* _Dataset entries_
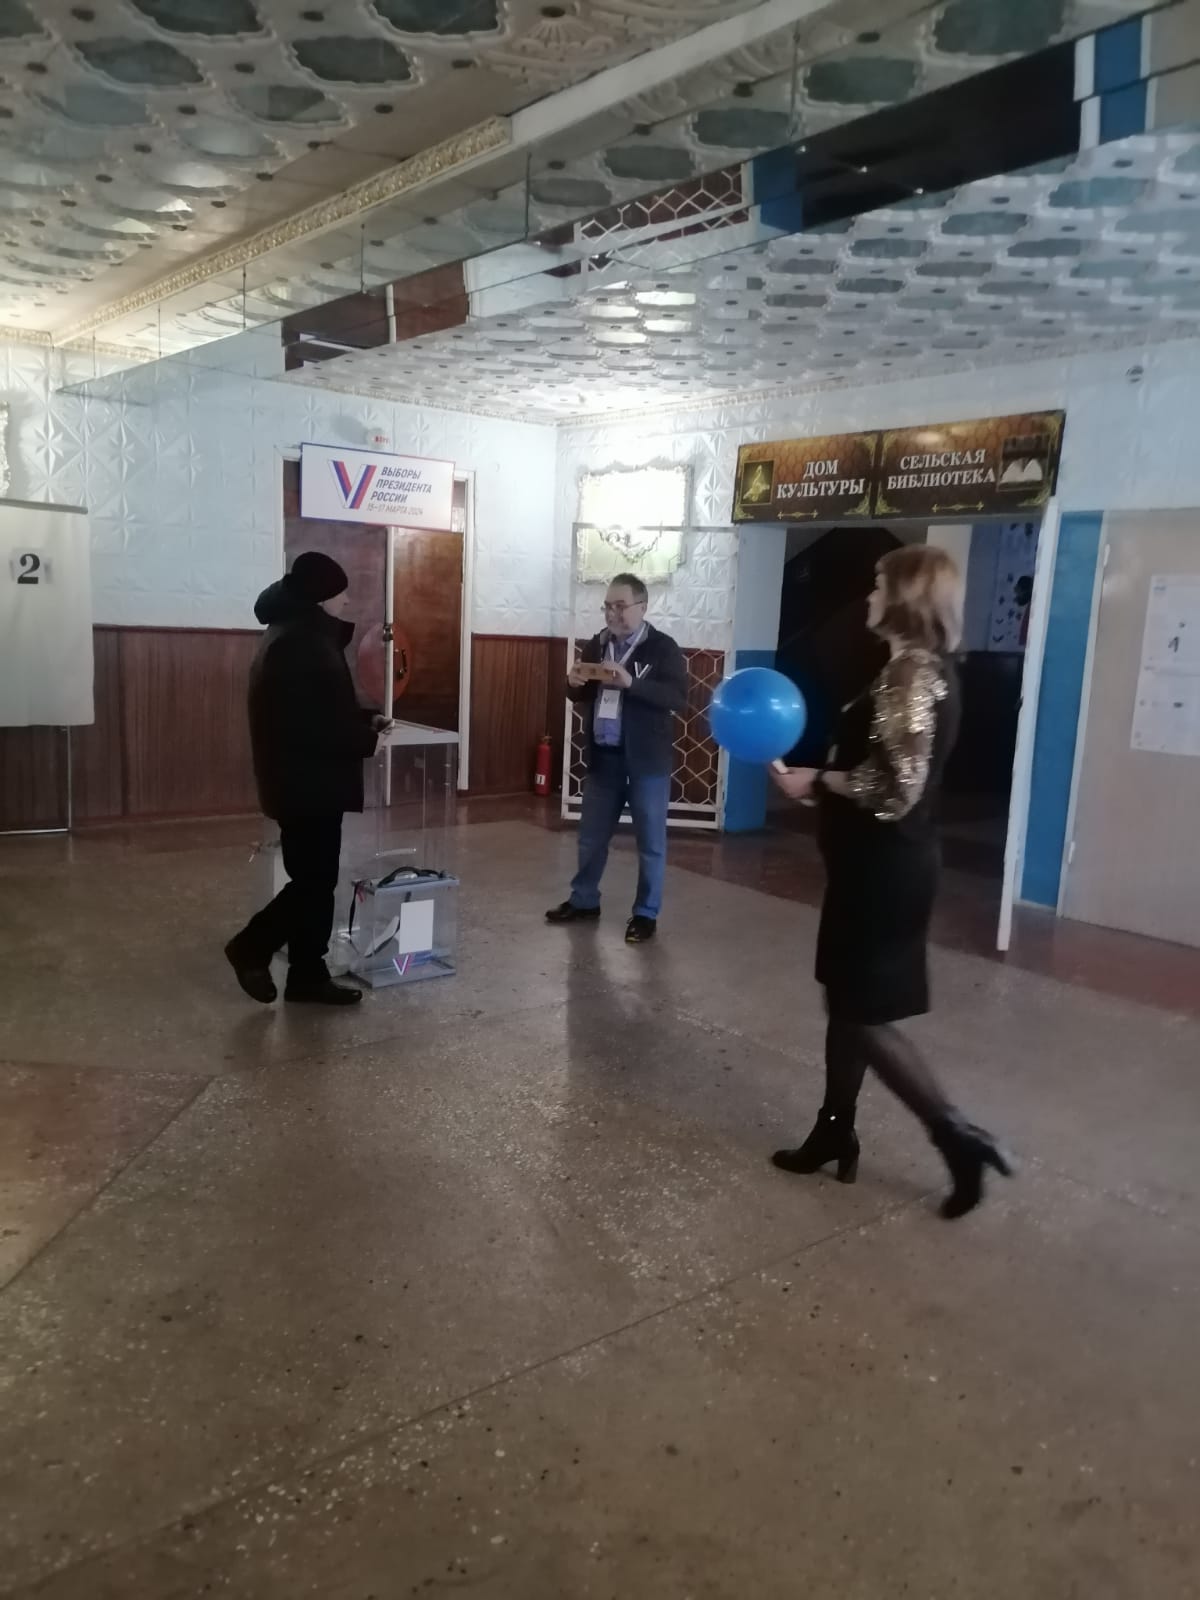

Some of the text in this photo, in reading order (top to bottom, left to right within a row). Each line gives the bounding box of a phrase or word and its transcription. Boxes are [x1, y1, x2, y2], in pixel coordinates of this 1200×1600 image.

[900, 449, 986, 470] СЕЛЬСКАЯ
[381, 466, 422, 480] ВЫБОРЫ
[803, 460, 839, 480] ДОМ
[887, 467, 996, 490] БИБЛИОТЕКА
[376, 479, 432, 493] ПРЕЗИДЕНТА
[777, 478, 866, 499] КУЛЬТУРЫ
[370, 491, 408, 503] РОССИИ
[17, 553, 40, 585] 2
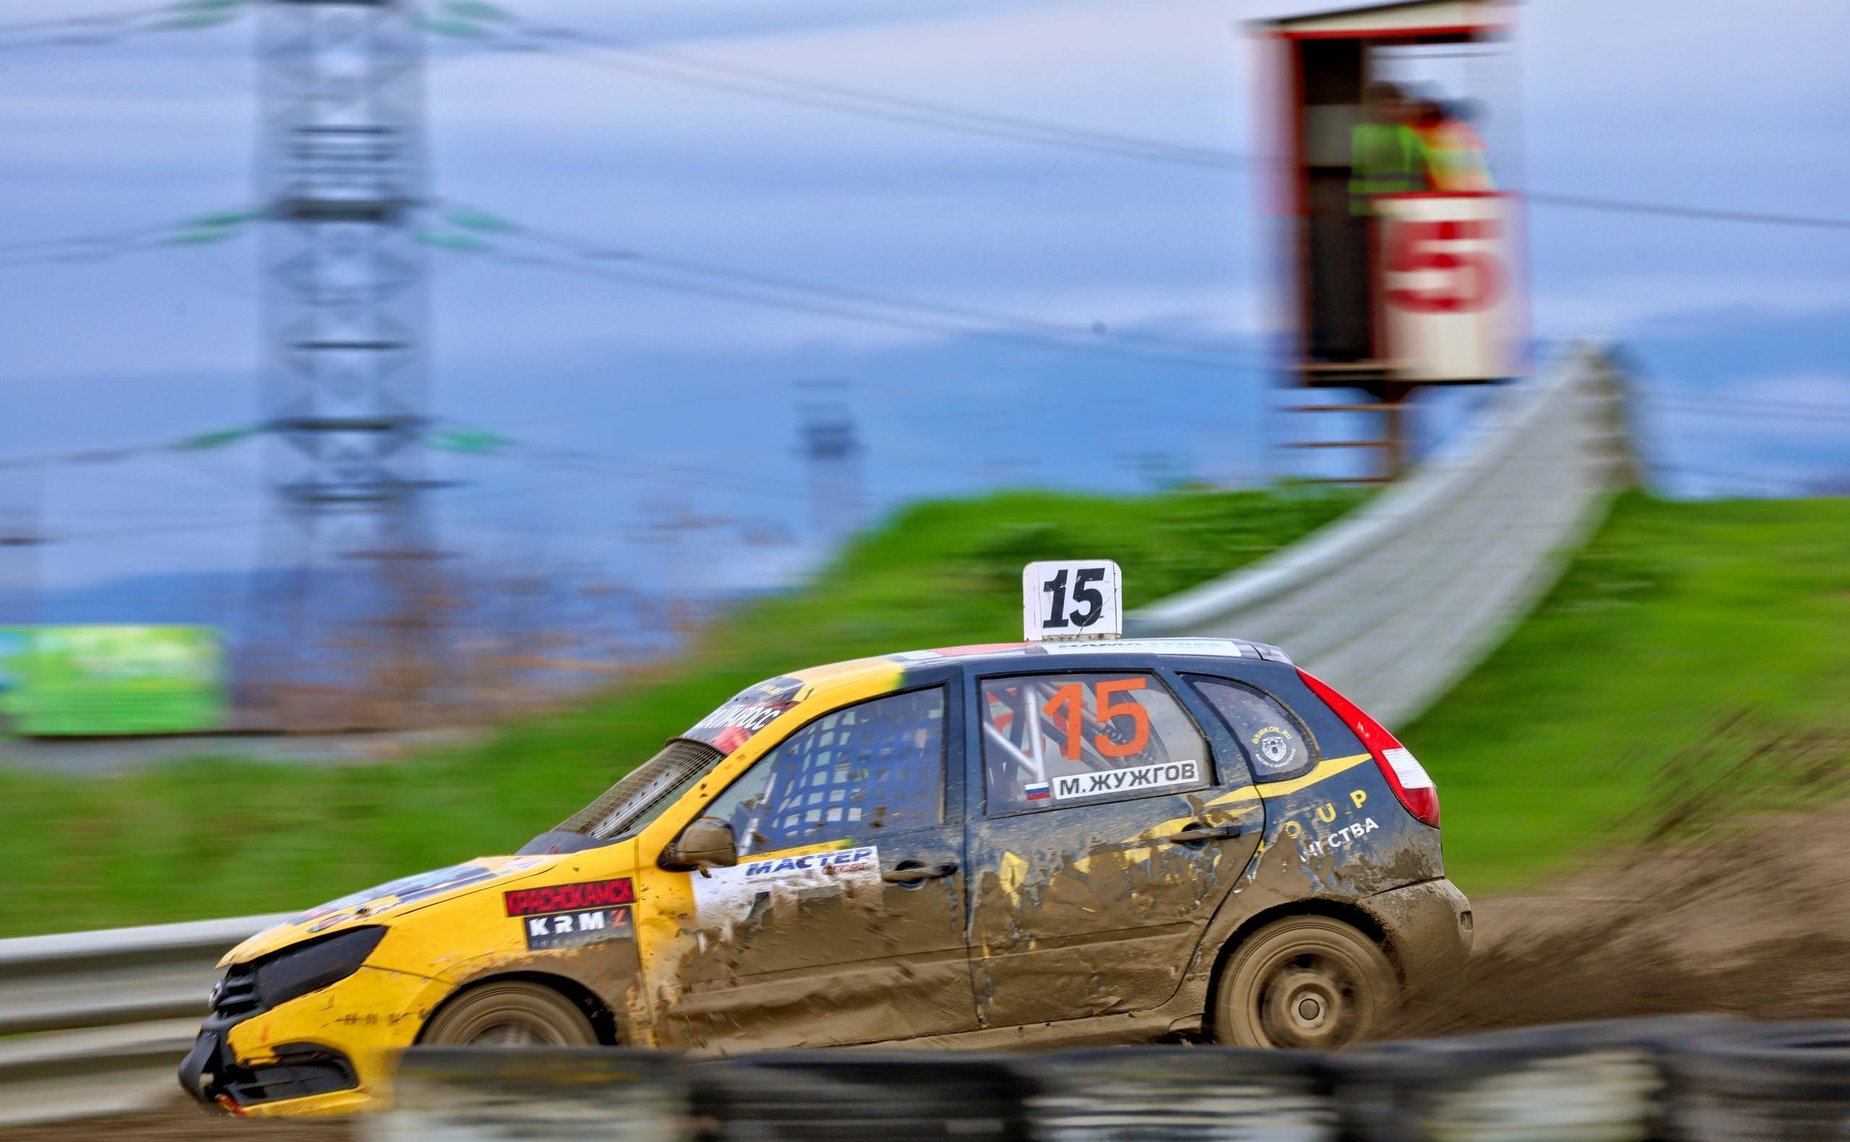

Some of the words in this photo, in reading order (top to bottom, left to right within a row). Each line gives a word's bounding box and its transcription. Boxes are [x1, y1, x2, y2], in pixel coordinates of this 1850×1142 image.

[1379, 219, 1511, 314] 5
[1043, 568, 1106, 629] 15
[1042, 677, 1150, 761] 15
[1059, 763, 1196, 796] М.ЖУЖГОВ
[745, 849, 874, 876] МАСТЕР

* _The problem_
You are asked to reproduce word for word the line containing "Some of the words" and every subsequent line through the end of the entries.

* _Exercise output_
Some of the words in this photo, in reading order (top to bottom, left to right within a row). Each line gives a word's bounding box and its transcription. Boxes are [x1, y1, x2, y2], in pixel coordinates of this 1850×1142 image.

[1379, 219, 1511, 314] 5
[1043, 568, 1106, 629] 15
[1042, 677, 1150, 761] 15
[1059, 763, 1196, 796] М.ЖУЖГОВ
[745, 849, 874, 876] МАСТЕР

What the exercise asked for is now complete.